こんにちは。主婦でライターの岡田清代です。
先日、執筆をお手伝いした電子書籍が無事出版されました!  

Web記事やブログはバンバン書いているのに、書籍の原稿となると迷ってしまうことってありませんか。そもそも横書きが縦書きになるだけで大きな変化。気にもとめなかった箇所が気になってきます。わかりやすいところでは、あれ、数字って縦書きではどう表記するの? とかね。

自分の本ならいざ知らず、人サマの書籍。しっかりとルールを確認し「信頼のおける本」にしなくては……。
ところがネットでは、ズバッと答えてほしい部分までは辿りつけません。そこで、20年以上書籍(紙媒体)の校正をしている大先輩に厚かましく頼みこみ、レクチャーしていただきました。

本noteには私が迷ったことやネットで見つけにくかった情報をまとめておこうと思います。
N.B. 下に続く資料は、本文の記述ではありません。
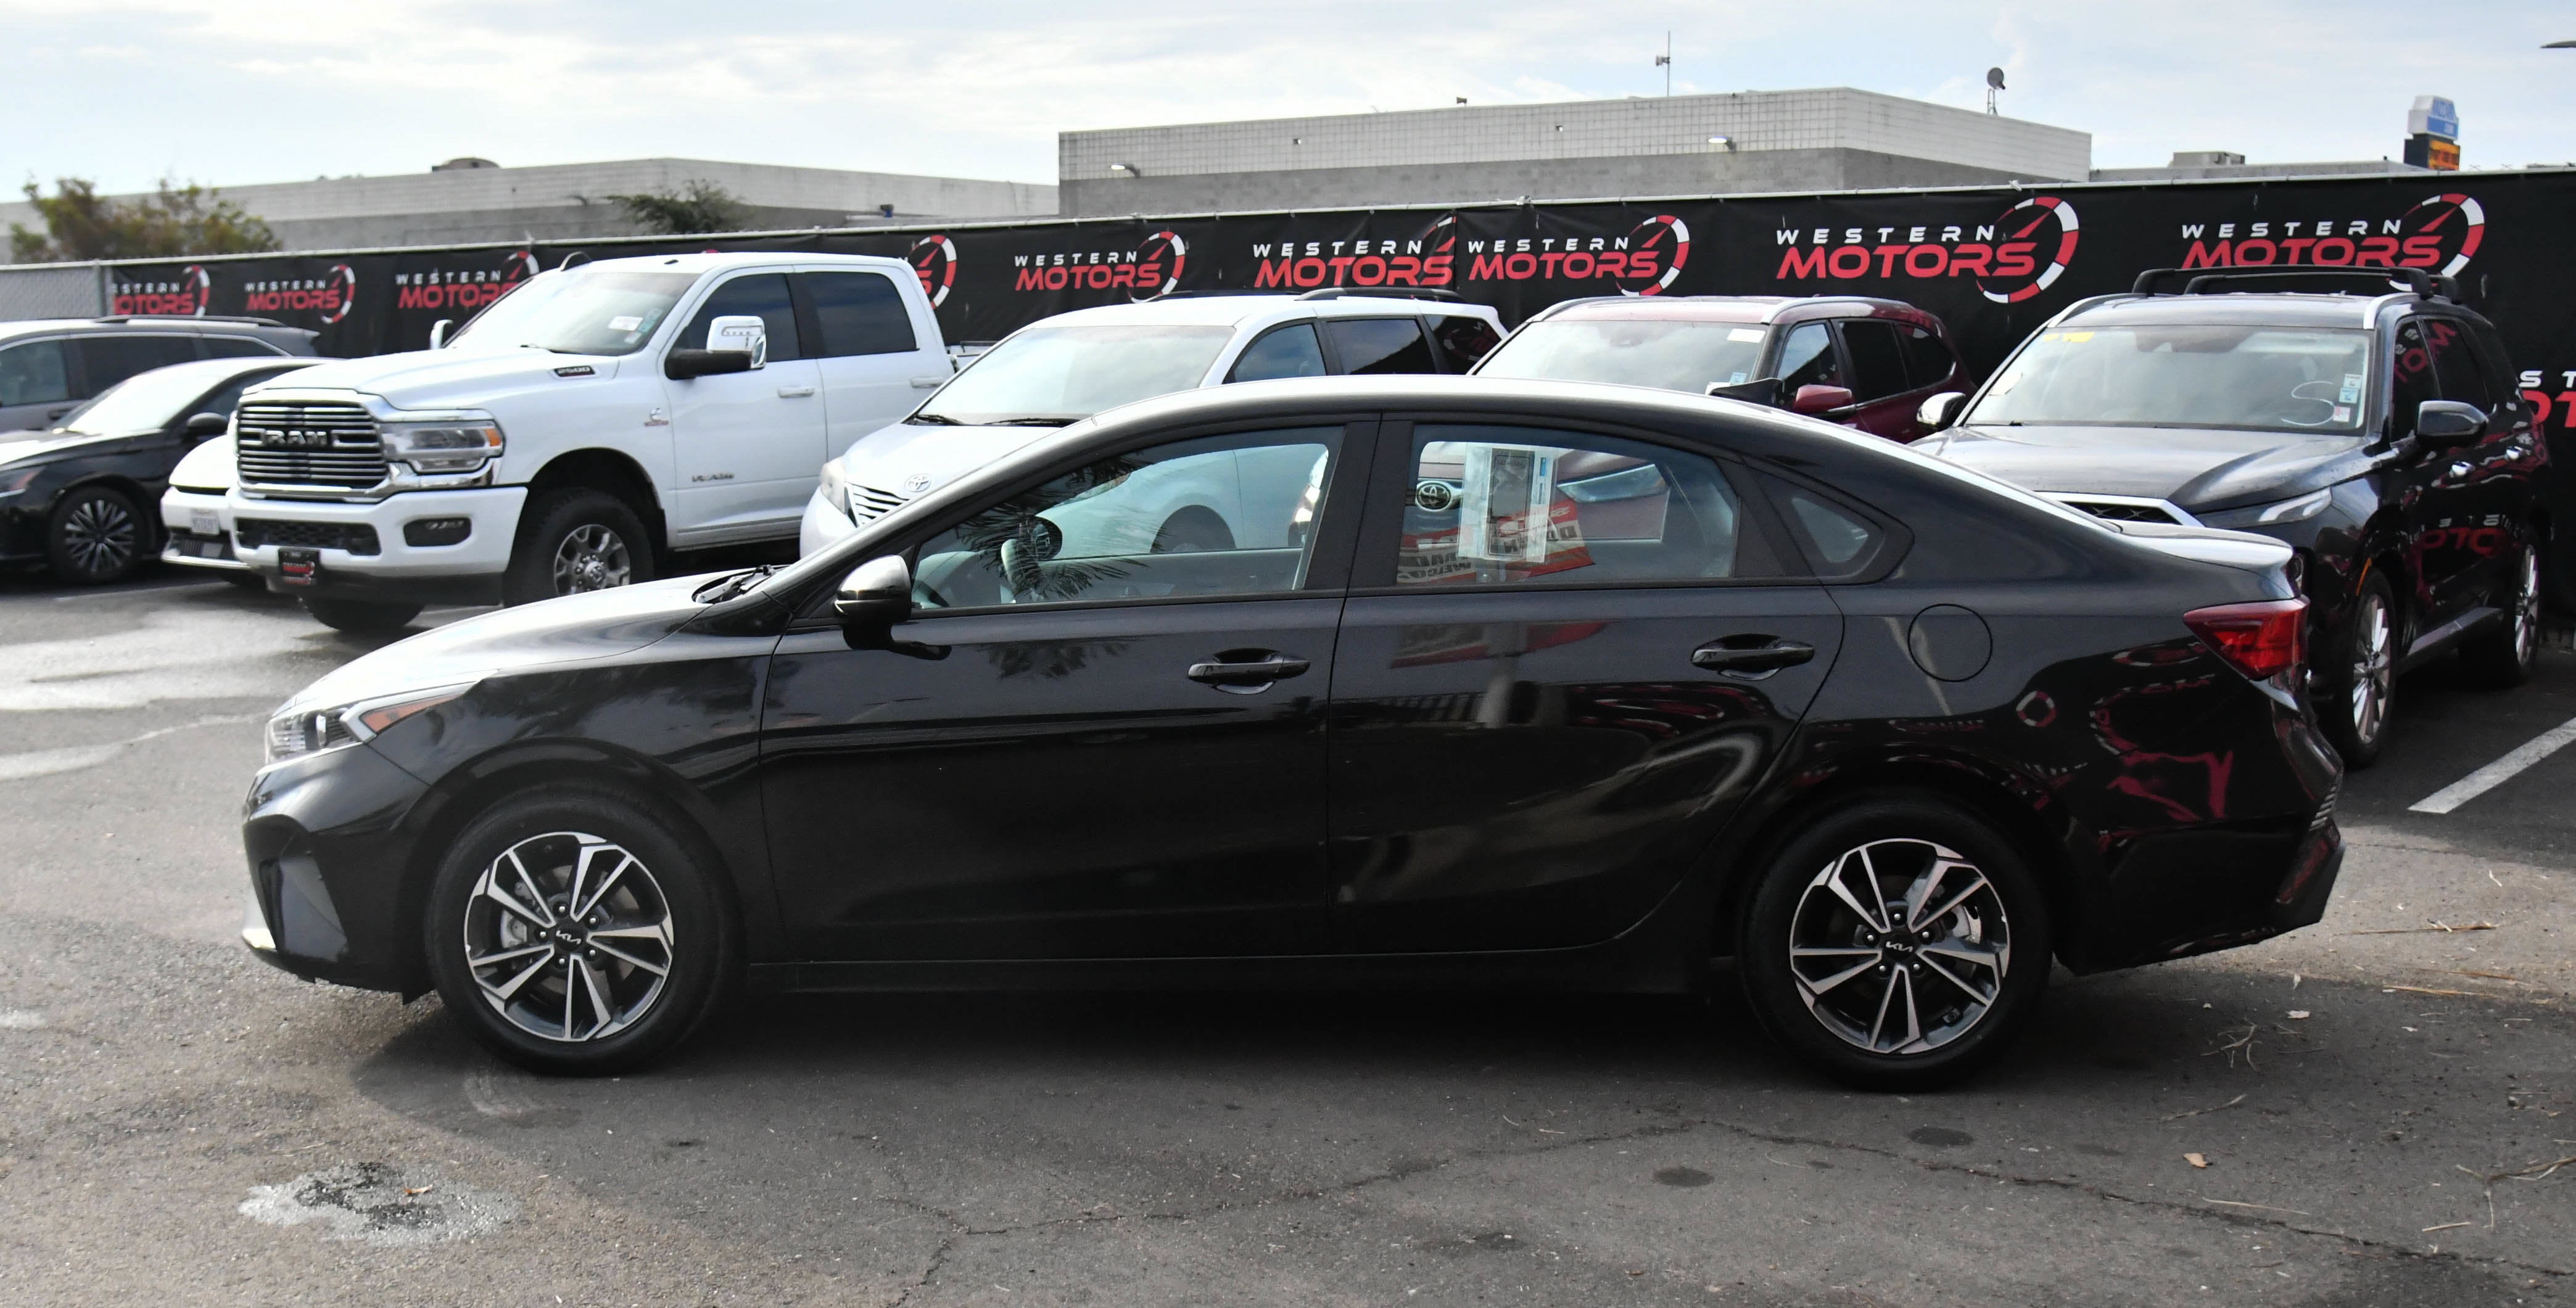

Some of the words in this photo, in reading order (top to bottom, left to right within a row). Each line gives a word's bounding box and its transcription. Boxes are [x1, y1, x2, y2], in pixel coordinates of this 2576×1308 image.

[1777, 225, 1995, 245] WESTERN
[2181, 220, 2401, 239] WESTERN
[1253, 240, 1422, 258] WESTERN
[1468, 237, 1629, 253] WESTERN
[2181, 235, 2442, 269] MOTORS
[1015, 251, 1137, 266] WESTERN
[1469, 250, 1659, 281] MOTORS
[1776, 242, 2037, 279] MOTORS
[396, 270, 501, 285] WESTERN
[1015, 263, 1162, 291] MOTORS
[1254, 254, 1454, 288] MOTORS
[244, 279, 326, 292] WESTERN
[114, 292, 194, 315] OTORS
[248, 290, 341, 311] MOTORS
[265, 430, 328, 445] RAM
恥をしのんで、失敗談も投入。電子書籍に挑戦するあなたのモヤモヤが晴れますように!

※注:ルールと慣例の区分けは私がしました。(先輩に本noteのチェックまでお願いする厚かましさはありませんでした)。あくまで私の受けとった感覚ですので、もしかすると「慣例」と「ルール」が混在しているかもしれません。ご了承ください。

出版業界の基本ルール5つ

①改段(段落をかえる)したら、必ず字下げ
書籍と Web 記事で大きく異なるのは、字下げと改行です。

まずは、字下げについて。
字下げとは、行の頭にスペースを入れ空白にすること。段落をわかりやすく区別し、読みやすくするためのものです。
ところがこちらは、Web記事ではあまりみかけないですよね。段落を区切るときは、字下げをせず一行分スペースをあけることが多いように思います。横書きで字下げがあると、かえって読みにくく感じる方もいるのではないでしょうか。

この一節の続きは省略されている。